When one looks at stop-motion films over the past 20 years, it is difficult to find a more interesting and layered film than Coraline, a chilling coming-of-age fairy-tale about the complications of family and learning to make the most with the circumstances of one’s upbringing. The director of this amazing film, Henry Selick (also the man behind The Nightmare Before Christmas), is back, but this time he has teamed up with writer and horror-master Jordan Peele to create WENDELL & WILD, a horrifying and hilarious story with demons, corruption, magic and many other things that are seldom found in a typical animated feature. WENDELL & WILD was given a PG-13 rating from the MPAA (Motion Picture Association of America) and contains such an abundance of adult themes that children may not even understand what they are watching. Given the maturity of a film like Coraline, this is a logical next step for Selick, with the addition of Peele cementing the thematic ambition of this project.
From the very first shot of WENDELL & WILD, Selick forces the audience to remember just why his work is so coveted in the first place. The animation is beautifully weird, with the skilled team of animators creating absurd and creative images that can hardly be described without taking up a large amount of time to cover all the details. Despite the odd look and feel of this film, by the 15 minute mark it is easy to forget one is even watching stop-motion without actively thinking about it. The other aspect that Selick sets up from the very first scene of the film is the macabre and tragic themes of the narrative, with the opening scenes centering around a young Kat (Lyric Ross) enjoying a night out with her parents before they are killed in a tragic car accident in which Kat survives. Already the film establishes its darkness — both visually and thematically — and expands on this by flashing forward to Kat as a 13 year-old, dealing with the grief of having lost her parents at a young age.
13-year-old Kat is a delinquent who is being sent to a Catholic school back in her hometown of Rust Bank. She hasn’t returned to Rust Bank since the accident and the town is now in ruin and disarray. Once she gets there, the plot takes a turn for the heavily supernatural and weird, and I wouldn’t know where to start when attempting to describe these visually twisted elements. Essentially, in a turn of events that involves hair cream, a deadly amusement park for tortured souls, and a giant Hell-demon played by Ving Rhames, two Demons named Wendell (Keegan Michael-Key) and Wild (Jordan Peele) are summoned to the land of the living to achieve their dreams and break free from the constraints of their father. However, they also promise Kat to bring her parents back from the dead, along with promising some nefarious political figures to do their bidding, which complicates both the surface to underworld relationship and the political landscape of Rust Bank.
If this sounds like a lot of plot elements, then you would be right to assume so. WENDELL & WILD is jam-packed with themes and various plot elements to the point where keeping track of it all becomes tiring by the final act. Nothing that Selick and Peele are exploring is unjustified, but because this film has so many various subplots, the characters feel more distant than they perhaps should be, especially given the personal themes of grief and trauma. Kat is dealing with about as terrible of a childhood as one could imagine, and she still has not forgiven herself for surviving the car crash that claimed her parents. Much of the film is about learning to survive the grief and trauma of one’s past, and using that pain as a tool for empowerment not frailty.

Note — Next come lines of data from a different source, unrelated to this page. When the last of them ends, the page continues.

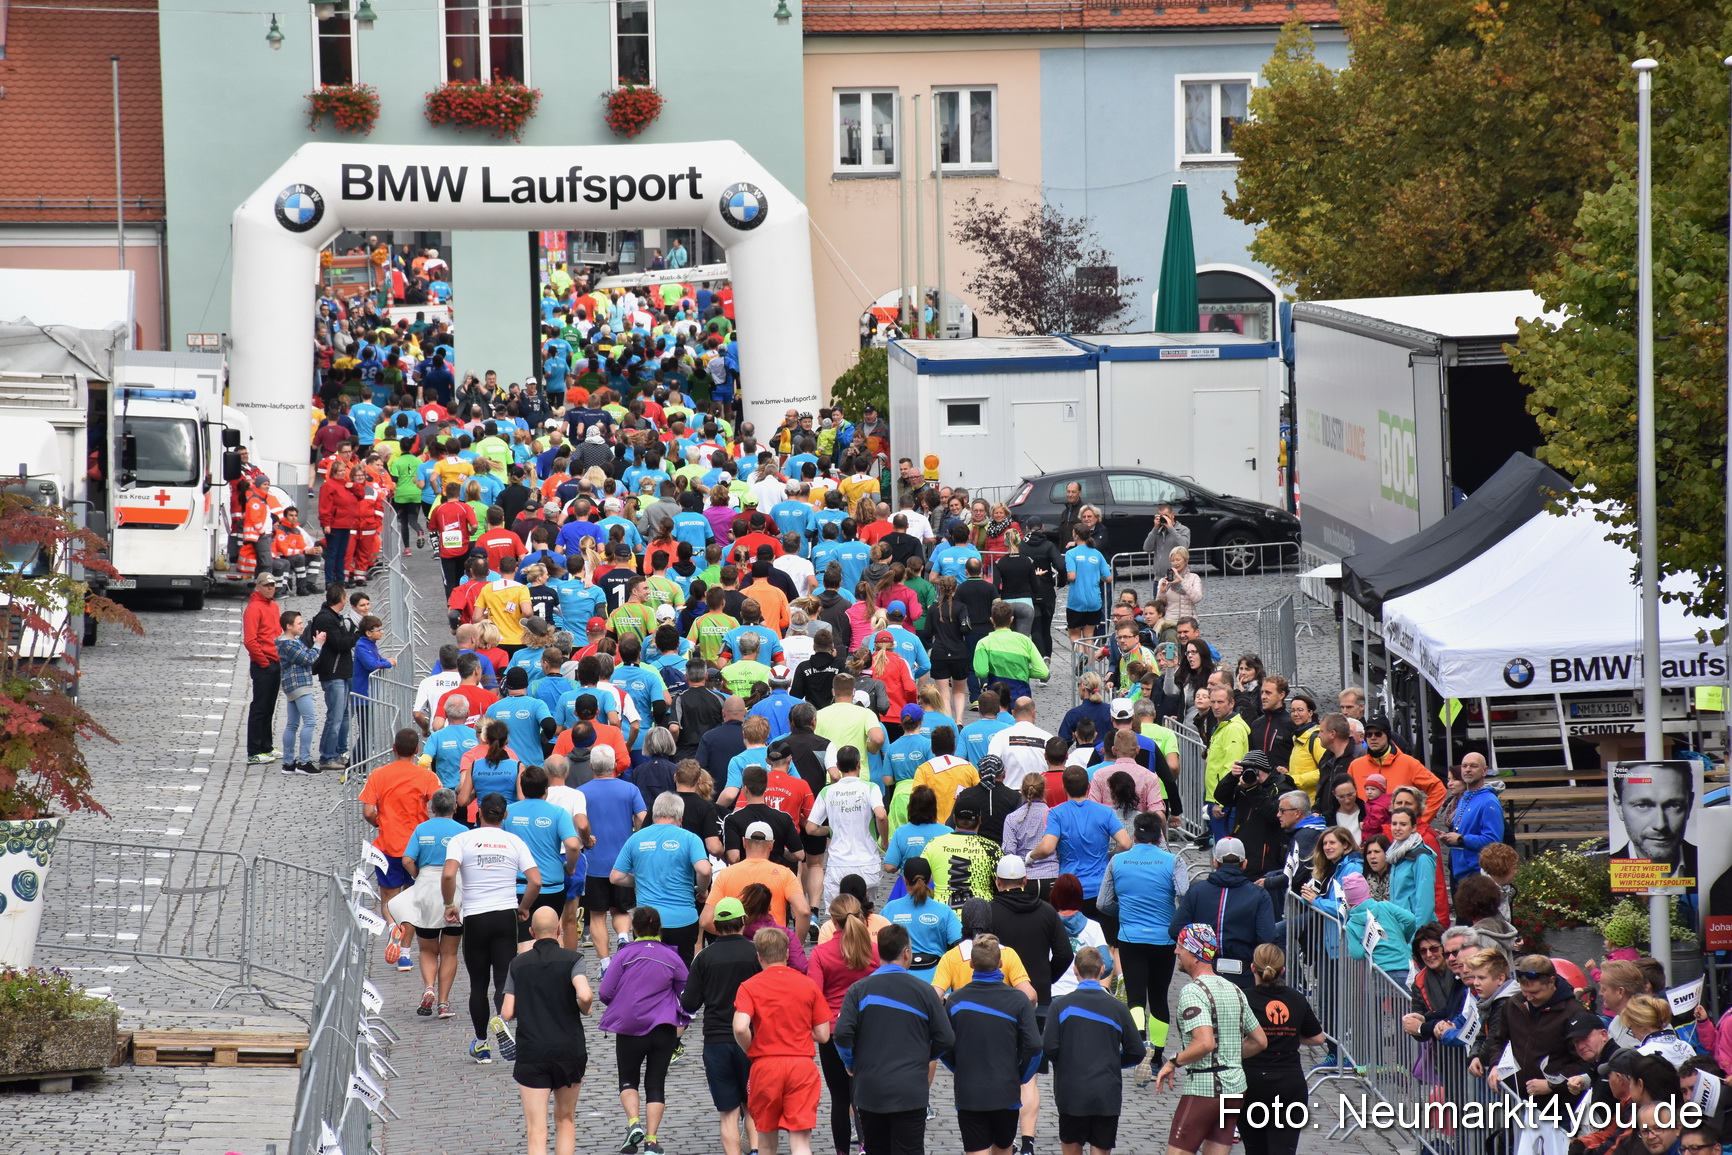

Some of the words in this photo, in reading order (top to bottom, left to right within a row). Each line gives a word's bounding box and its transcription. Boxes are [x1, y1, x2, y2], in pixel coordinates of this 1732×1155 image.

[281, 184, 322, 202] BMW
[341, 163, 469, 203] BMW
[482, 165, 703, 210] Laufsport
[725, 183, 764, 200] BMW
[236, 402, 305, 410] www.bmw-laufsport.de
[751, 394, 818, 406] www.bmw-laufsport.de
[1379, 414, 1418, 507] BOC
[129, 493, 150, 501] Kreuz
[612, 583, 626, 608] 1
[1506, 658, 1532, 670] BMW
[1550, 654, 1633, 684] BMW
[1641, 652, 1729, 681] aufs
[803, 667, 813, 677] SV
[1577, 705, 1592, 714] NM
[1596, 704, 1603, 713] X
[1605, 703, 1630, 713] 1106
[1569, 724, 1635, 736] SCHMITZ
[835, 790, 858, 798] Partner
[477, 854, 506, 868] Dynamics
[358, 913, 374, 925] swn
[1672, 991, 1696, 1006] swn
[1464, 1021, 1478, 1041] swn
[353, 1083, 370, 1098] swn
[1701, 1089, 1711, 1111] swn

However, this incredible theme is almost overshadowed by an equally prevalent and socially important subplot involving greed, the corruption that capitalism breeds, the horrors of the prison industrial system, and the school-to-prison pipeline. (Yes, you read that right.) The fact that all of these important issues are being addressed in a stop-motion animated film is incredible, and the fact that they hammer all of them home is even more incredible. Credit must be given to Peele and Selick for crafting a tale that addresses all of these real-world problems, but the surface-level plot and characters of the film suffer because of the thematic ambition. Most of the side characters, including the title characters Wendell and Wild, are shoved to the side because of how much content the film attempts to cram into an hour and 45 minutes. When thinking about Coraline, a relatively simple film with powerful themes in which the characters are rich and reflective of one’s own life at times, WENDELL & WILD feels less consequential and memorable in comparison because the characters never quite come to life (ha) compared to those in Coraline.
Much credit must be given to the ambition of Selick and Peele for taking on this creative and thematically absurd story, but the film doesn’t succeed with flying colors as many might have wished. I do not envy the task of having to take on several complicated themes in a stop-motion film, most of which are less than two hours because of the time-consuming nature of the animation. Making WENDELL & WILD longer or pacing it differently would probably mean putting months, if not years of more hard work in, so the flaws are all understandable from the creators’ points of view. It is impossible to view this film without being in awe of the art form and the massive talent of the numerous animators who worked on it. With that being said, I wish the movie either had more of a focus or gave more time for each subplot to breathe, since despite these faults, WENDELL & WILD definitely has no shortage of creativity and talent.